「jun」
I wake up. Though my eyes snapped open before I could even think, they struggle to merely stay open.
I'm on the ground, solid and cold. I check my surroundings, hopefully I'm alone— and I am.
The second thing I notice is the strange, faint smell that lingers upon this location. The room looks to be a traditional Chinese room, wallpaper and small center table evident, and yet the room is dark and dank, the energy stressing me to sit up.My head pounds when I do so, the throbbing compelling me to lower my head while I raise the rest of my body. I stumble just for a moment, but I can't falter. This is a crucial moment. I don't know where I am or what the motive of bringing me here is.
Slowly, I pull the door out, to reveal a long sum hallway. Almost as soon as I do this, I hear it.
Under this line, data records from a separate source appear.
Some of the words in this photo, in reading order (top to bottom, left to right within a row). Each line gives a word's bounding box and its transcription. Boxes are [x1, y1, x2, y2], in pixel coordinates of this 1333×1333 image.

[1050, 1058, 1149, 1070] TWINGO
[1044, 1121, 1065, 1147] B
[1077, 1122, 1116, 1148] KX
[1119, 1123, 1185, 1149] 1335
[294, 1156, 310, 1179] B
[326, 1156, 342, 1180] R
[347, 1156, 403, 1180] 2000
The small weeps from the room across me.
I step forward once.
It must be Minghao who hit me.
Another step.
He's crying and I don't know why.
Final step.
He knocked me out and I don't know why.
I'm at the door.
I don't know why, but I don't want Minghao to be sad.
I reach my hand out.
So don't cry anymore, Minghao.
With the slide of a door, I see him. Knees to his face, in a ball upright on a futon in a corner. Papers are spread out in front of him. A phone on the wall, one of those new landlines.
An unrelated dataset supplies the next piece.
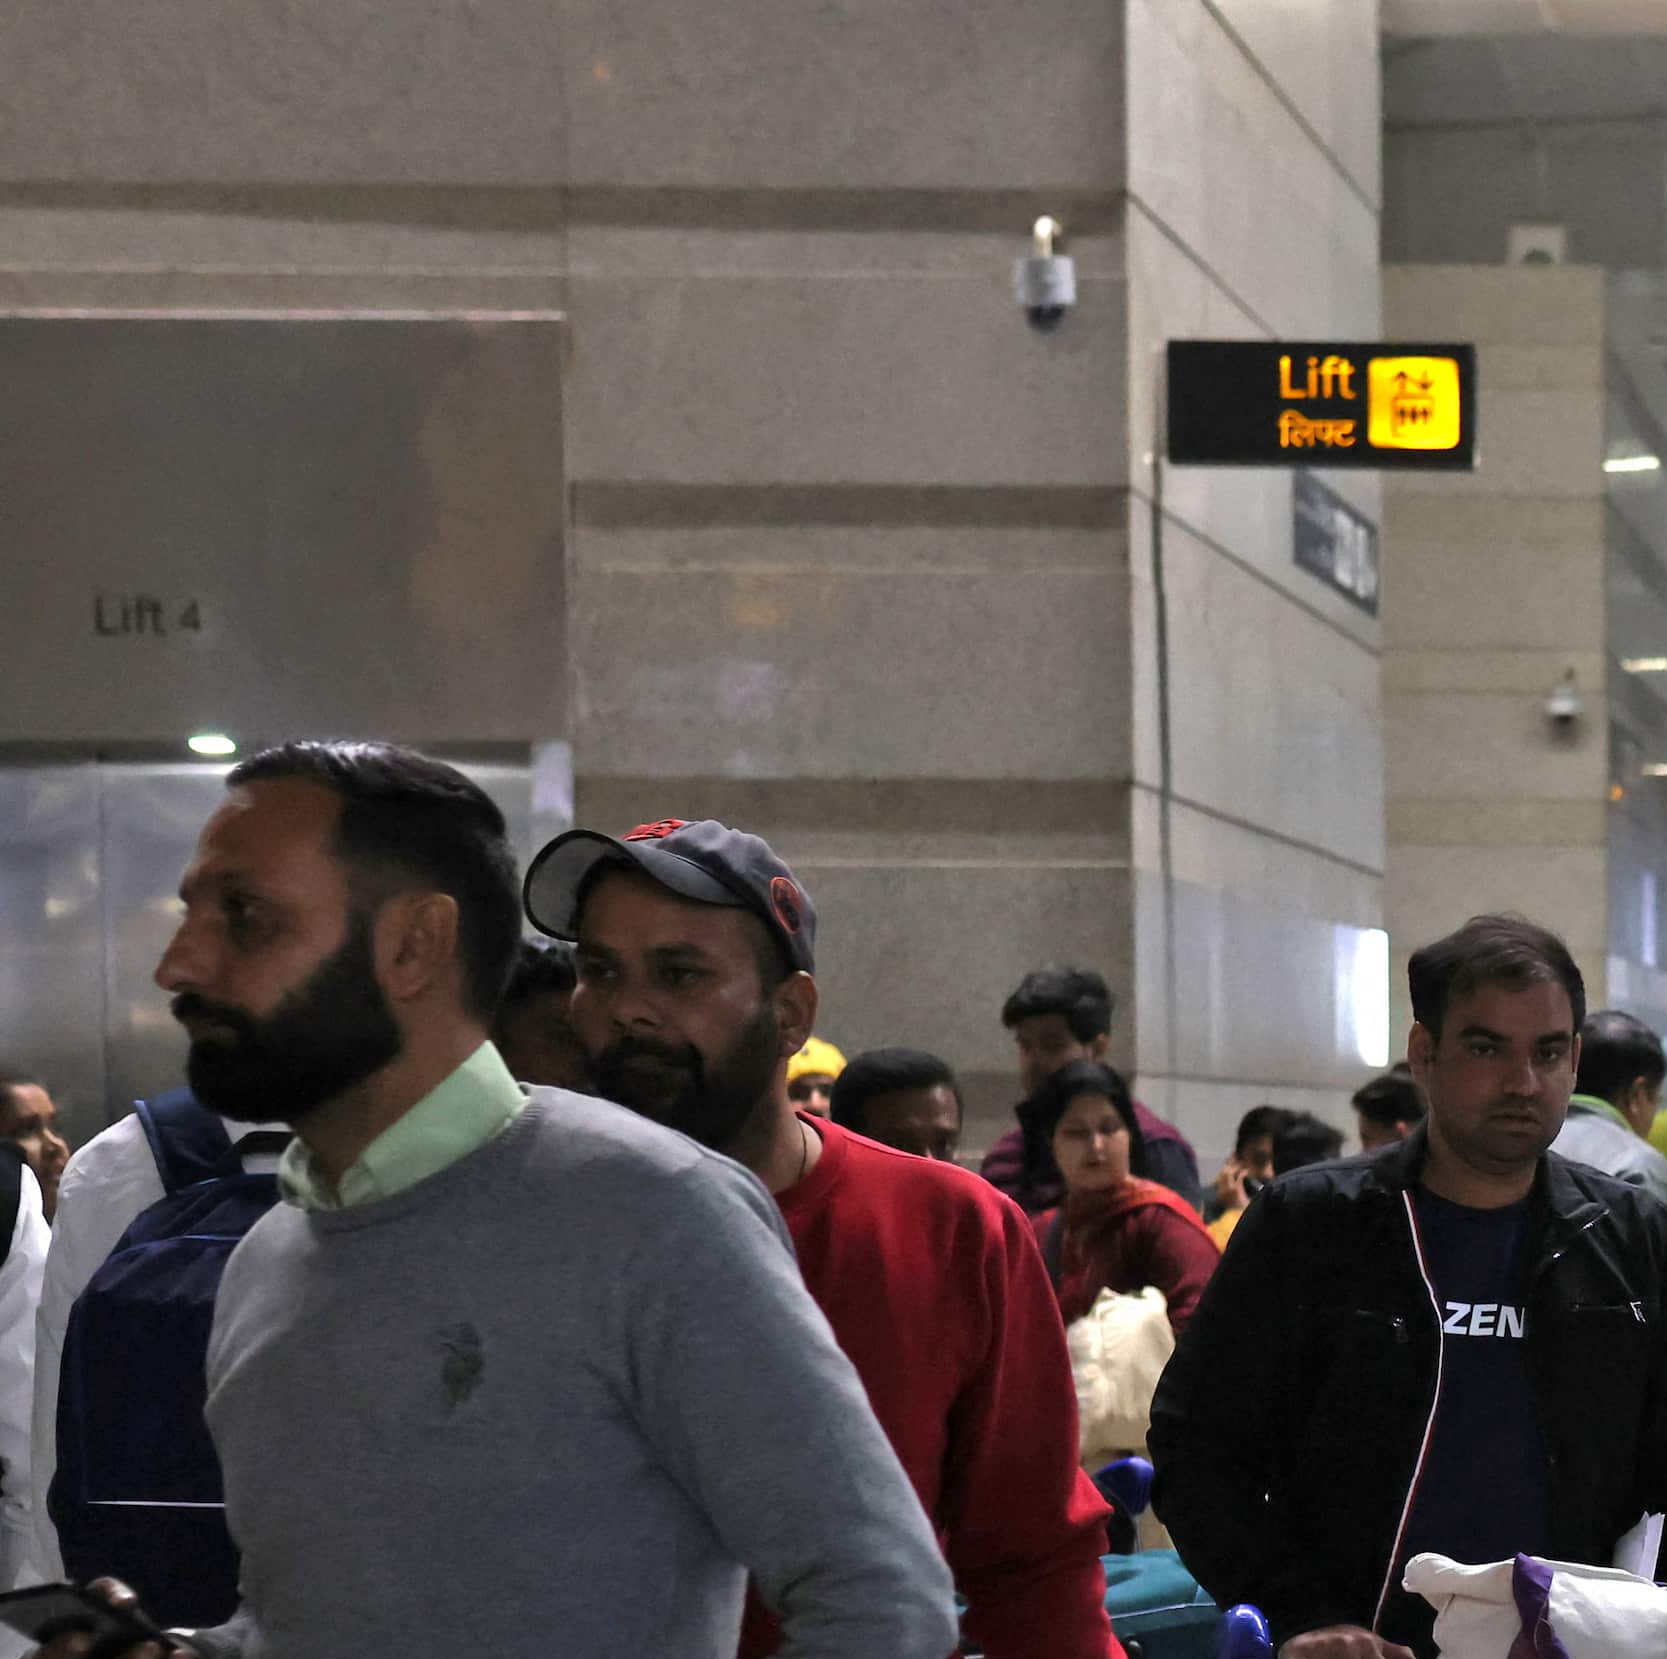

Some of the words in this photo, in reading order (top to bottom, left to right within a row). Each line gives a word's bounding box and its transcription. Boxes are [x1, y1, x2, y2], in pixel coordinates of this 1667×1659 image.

He jerks his head up at the sound of my approach. Yet his face doesn't change. He still cries.
"Hey, Minghao.."
He hiccups.
"You were right. You, you go to school with me. I didn't know who you were and I don't know what to do now. I'm not smart. I can't protect myself. You hold the worst of the fates I can bring, I- I'm so sorry!"He barely got through this without breaking down, and though he was clear I don't understand.
I've been attacked. Kidnapped. But my heart doesn't beat for fear, but for the adrenaline of facing the boy here, confusion pleasing my head. How good it feels,
to not know.To feast on reacting just how I shouldn't, how good it feels.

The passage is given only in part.